---
title: Asymmetric Key Cipher
---

::::{attention}
This notebook is optional and NOT required for any course assessment activities. Lab tutor may go through them if time is available.
::::

In [None]:
from __init__ import install_dependencies

await install_dependencies()

In [None]:
from math import gcd
from random import randint

## Motivation

For symmetric key cipher to work, a secret key needs to be exchanged between a sender and a receiver. Isn't this is a chicken-and-egg problem? *How to securely communicate a secret key in public* to begin with?

This motivates the idea of using [asymmetric keys](https://en.wikipedia.org/wiki/Public-key_cryptography) for encryption and decryption:[^DH] 

[^DH]: See [Diffie and Hellman (1976)](https://doi.org/10.1145/3549993.3550007).

- A sender uses the public key $k$ to encrypt $x$ to a ciphertext $y$ using an encryption function $f$:

    $$
    y = f_k(x).
    $$ (eq:encrypt)

- A receiver uses a private key $l$ to decrypt $y$ back to $x$ using a decryption function $g$:

    $$
    x = g_{l}(y).
    $$ (eq:decrypt)

- To ensure secrecy, anyone with only the knowledge of $k$, $f$, $g$, and $y$ but NOT the knowledge of $l$ should not be able to invert $f_k$.

::::{seealso}

The advantage of using asymmetric key ciphers over symmetric key ciphers lies in their simplicity for:

- **Key sharing**: The encryption key can be publicly shared with all senders.
- **Key storage**: Only the receiver needs to securely store the private key.
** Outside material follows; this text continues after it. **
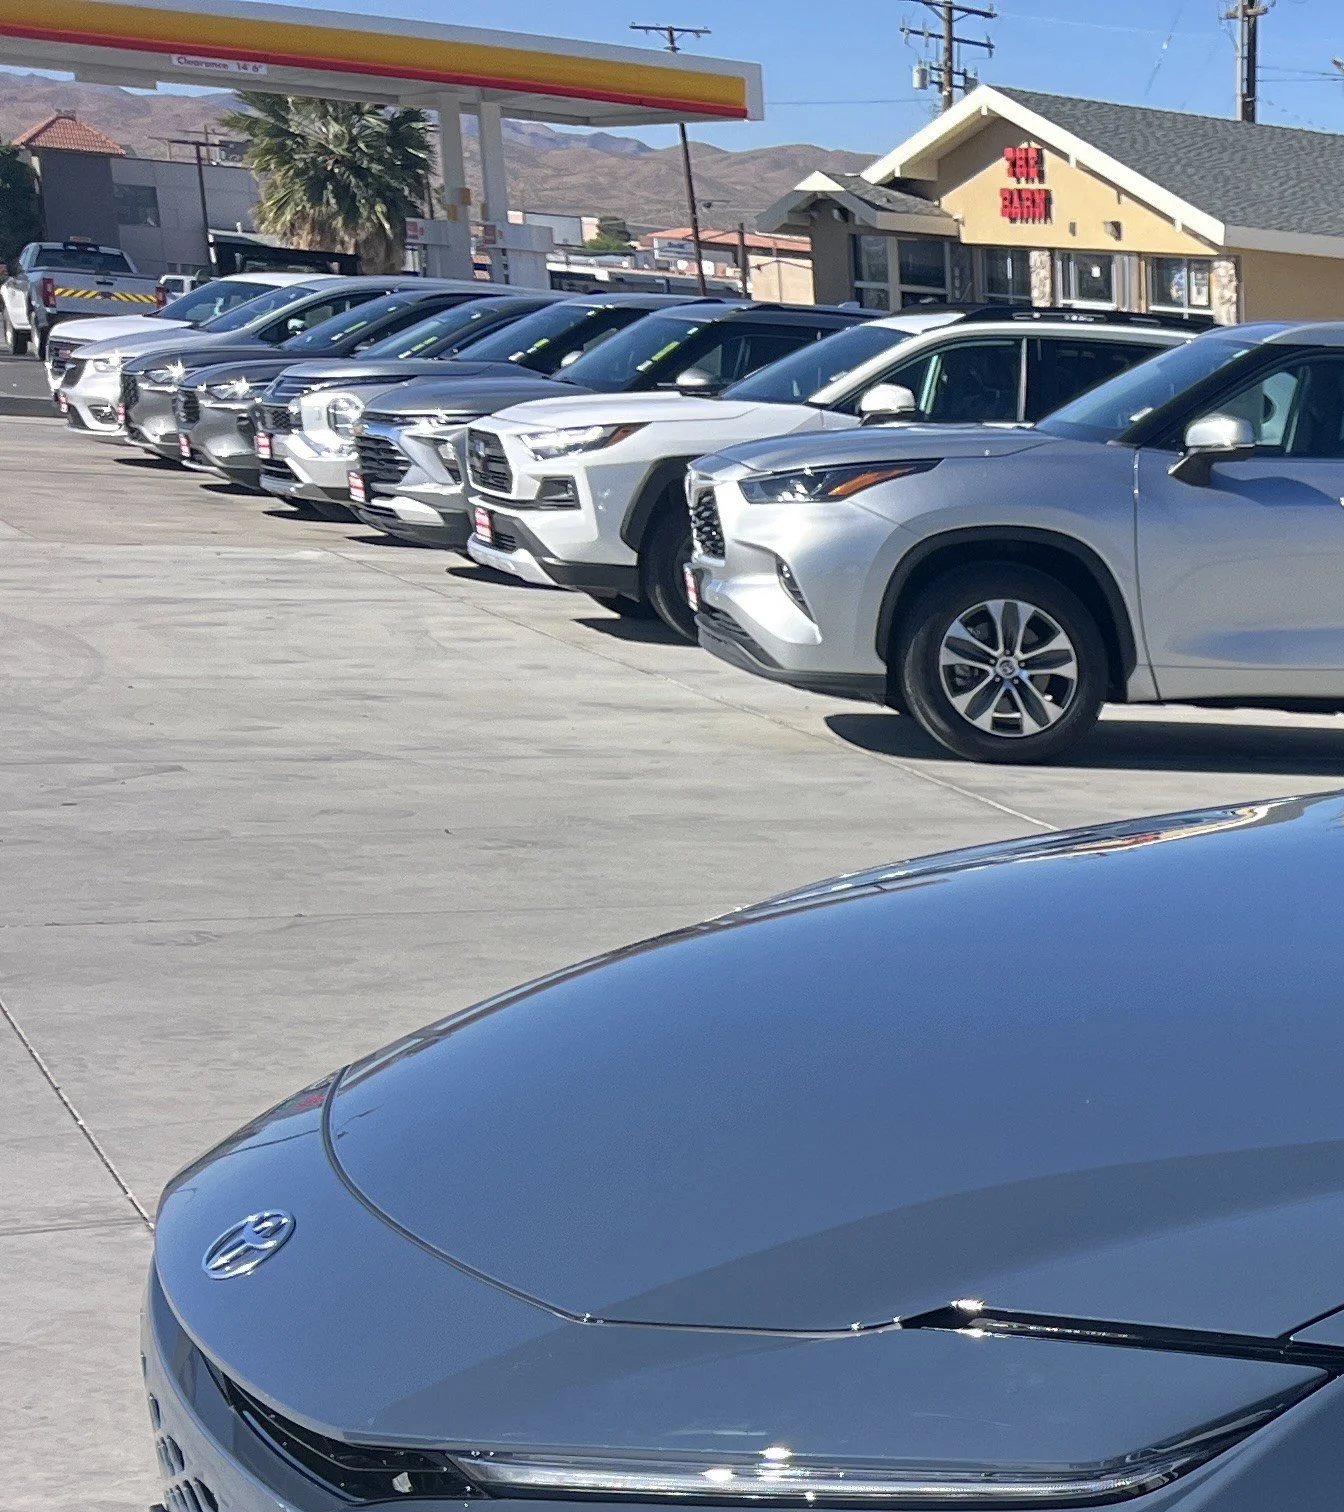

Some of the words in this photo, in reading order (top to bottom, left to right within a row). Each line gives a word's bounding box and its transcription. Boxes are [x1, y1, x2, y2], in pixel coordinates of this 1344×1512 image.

[177, 56, 229, 70] Clearance
[1003, 146, 1042, 180] THE
[999, 187, 1048, 220] BARN
Due to the above benefits, a public key cipher system such as RSA is often used to establish a shared secret key, which is then used for symmetric encryption such as [AES](https://en.wikipedia.org/wiki/Advanced_Encryption_Standard). See also [HTTPS](https://en.wikipedia.org/wiki/HTTPS) and [TLS](https://en.wikipedia.org/wiki/Transport_Layer_Security) used on the internet.

::::

## Formulation

**Is it possible to construct an asymmetric key cipher?**

Hopefully, but there is an obvious security issue:

::::{exercise}
:label: ex:rsa2

Prove that $f_k$ is invertible by [](#eq:encrypt) and [](#eq:decrypt). In other words, anyone can recover the plaintext $x$ from its ciphertext $y$ by computing the inverse

$$
x = f_k^{-1}(y),
$$

even without the knowledge of the private key $d$.

::::

YOUR ANSWER HERE

In essence, $f_k$ must be invertible for the ciphertext to be decryptable. To overcome this limitation, we can adopt a different approach. Instead of requiring $f_k$ to be invertible, we can make it *computationally infeasible* to invert. For instance:

::::{prf:example} Integer factorization

Computing the product $n$ of from two prime numbers $p$ and $q$, i.e., $n=pq$, is easy. However, the reverse process of factoring $n$ to $p$ and $q$ is difficult (in a class of problems called [co-NP](https://en.wikipedia.org/wiki/Integer_factorization)). As the size of $p$ and $q$ increases, the time required to factor $n$ increases dramatically as illustrated [here](https://www.khanacademy.org/computing/computer-science/cryptography/modern-crypt/pi/time-complexity-exploration).

::::

We seek a collection of $f_k$'s that are easy to compute in one way but difficult to invert directly except using $g_l$. Such a function is called a trapdoor function, which is a special kind of [one-way function](https://en.wikipedia.org/wiki/One-way_function):

::::{prf:definition} Public/asymmetric key cipher
:label: def:akc

A public key cipher is a family of [trapdoor functions](https://en.wikipedia.org/wiki/Trapdoor_function#References) 

$$
f_k: \mathcal{X} \to \mathcal{Y}
$$ 

pameterized by the public key $k\in \mathcal{K}$. In particular, a sequence of such cipher with respect to the key length $m:=\lceil \log \lvert \mathcal{K}\rvert \rceil$ is:[^m]
- **Encryptable** if computing $y := f_k(x)$ is probabilistic polynomial time ([PP](https://en.wikipedia.org/wiki/PP_(complexity))) in $m$ for every $x\in \mathcal{X}$.
- **Decryptable** if there exists $g_l$ for each $f_k$ such that $g_l(y) = x$ almost surely and can be done in PP.
- **Secure** if computing $x$ from $y$, $l$, $f$, and $g$ is not PP.

::::

[^m]: Computational complexity is an asymptotic notion with respect to the order of growth of $m$.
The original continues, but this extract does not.